# Your instructions
Make an exact copy of the data below, leaving out every picture.

----------------

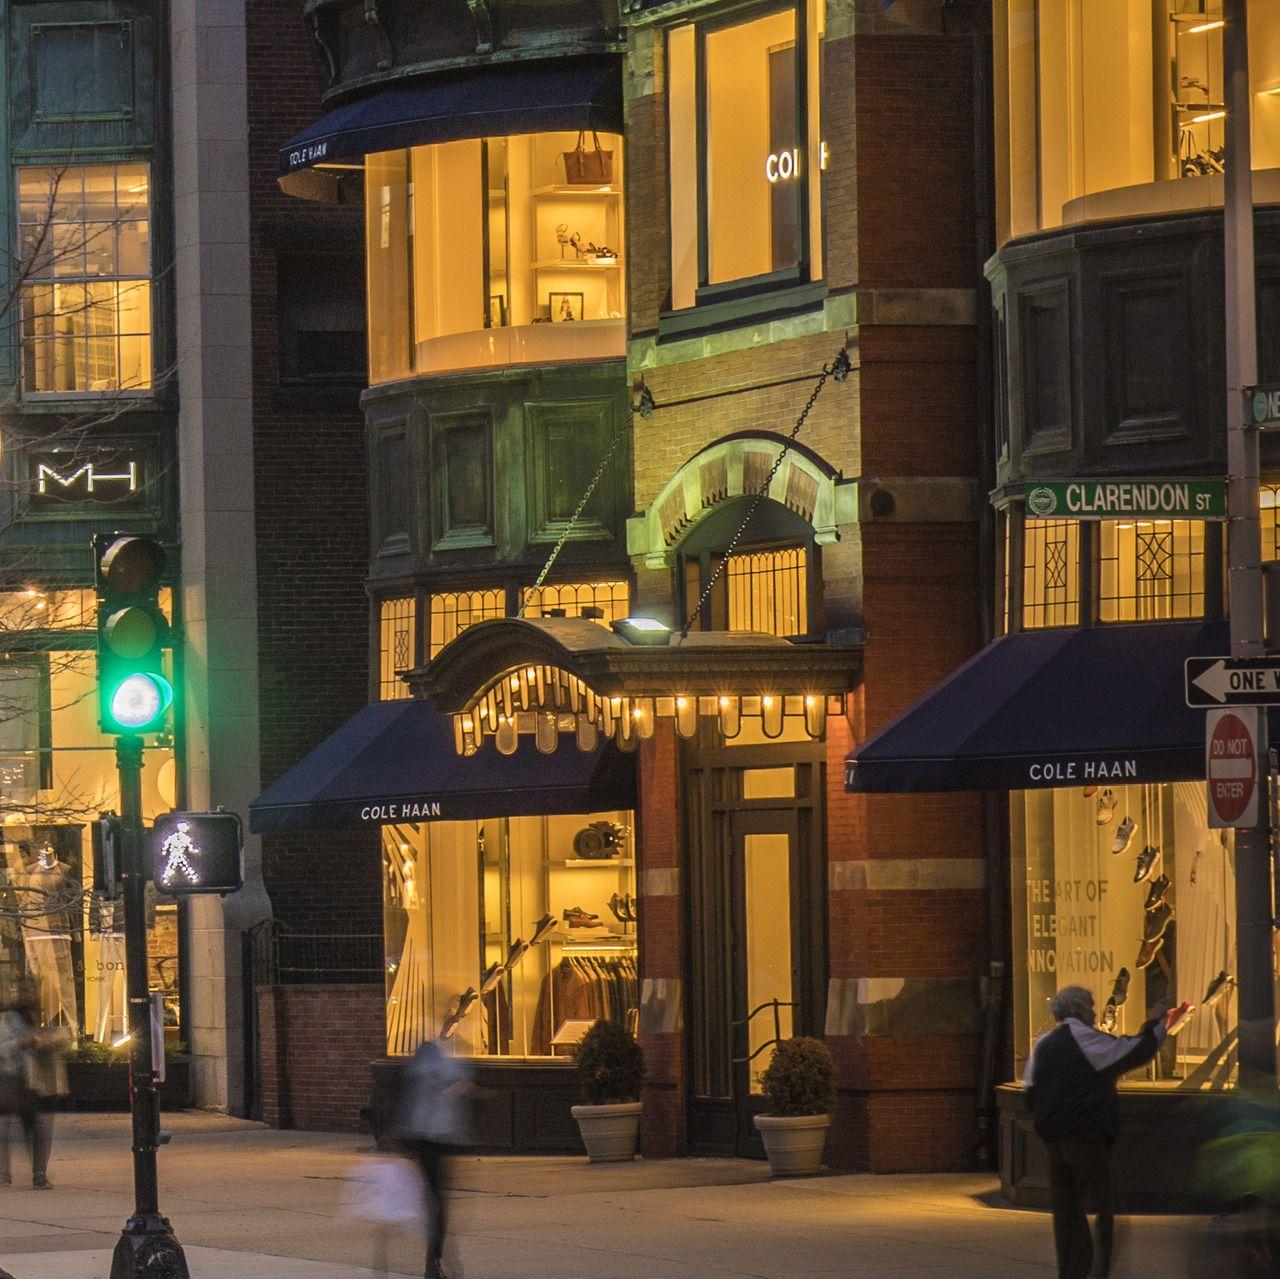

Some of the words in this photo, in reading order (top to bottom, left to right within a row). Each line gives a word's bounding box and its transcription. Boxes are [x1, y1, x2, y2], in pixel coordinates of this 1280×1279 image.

[1066, 483, 1190, 512] CLARENDON
[1196, 494, 1212, 510] ST
[1230, 671, 1265, 690] ONE
[1213, 740, 1225, 755] DO
[1227, 738, 1248, 754] NOT
[1030, 763, 1076, 781] COLE
[1084, 760, 1137, 778] HAAN
[1217, 782, 1244, 798] ENTER
[361, 805, 397, 820] COLE
[402, 802, 441, 817] HAAN
[1056, 881, 1081, 902] ART
[1086, 880, 1108, 902] OF
[1033, 914, 1097, 937] ELEGANT
[1028, 950, 1114, 973] NNOVATION

----------------

# Your solution
Some of the words in this photo, in reading order (top to bottom, left to right within a row). Each line gives a word's bounding box and its transcription. Boxes are [x1, y1, x2, y2], in pixel coordinates of this 1280×1279 image.

[1066, 483, 1190, 512] CLARENDON
[1196, 494, 1212, 510] ST
[1230, 671, 1265, 690] ONE
[1213, 740, 1225, 755] DO
[1227, 738, 1248, 754] NOT
[1030, 763, 1076, 781] COLE
[1084, 760, 1137, 778] HAAN
[1217, 782, 1244, 798] ENTER
[361, 805, 397, 820] COLE
[402, 802, 441, 817] HAAN
[1056, 881, 1081, 902] ART
[1086, 880, 1108, 902] OF
[1033, 914, 1097, 937] ELEGANT
[1028, 950, 1114, 973] NNOVATION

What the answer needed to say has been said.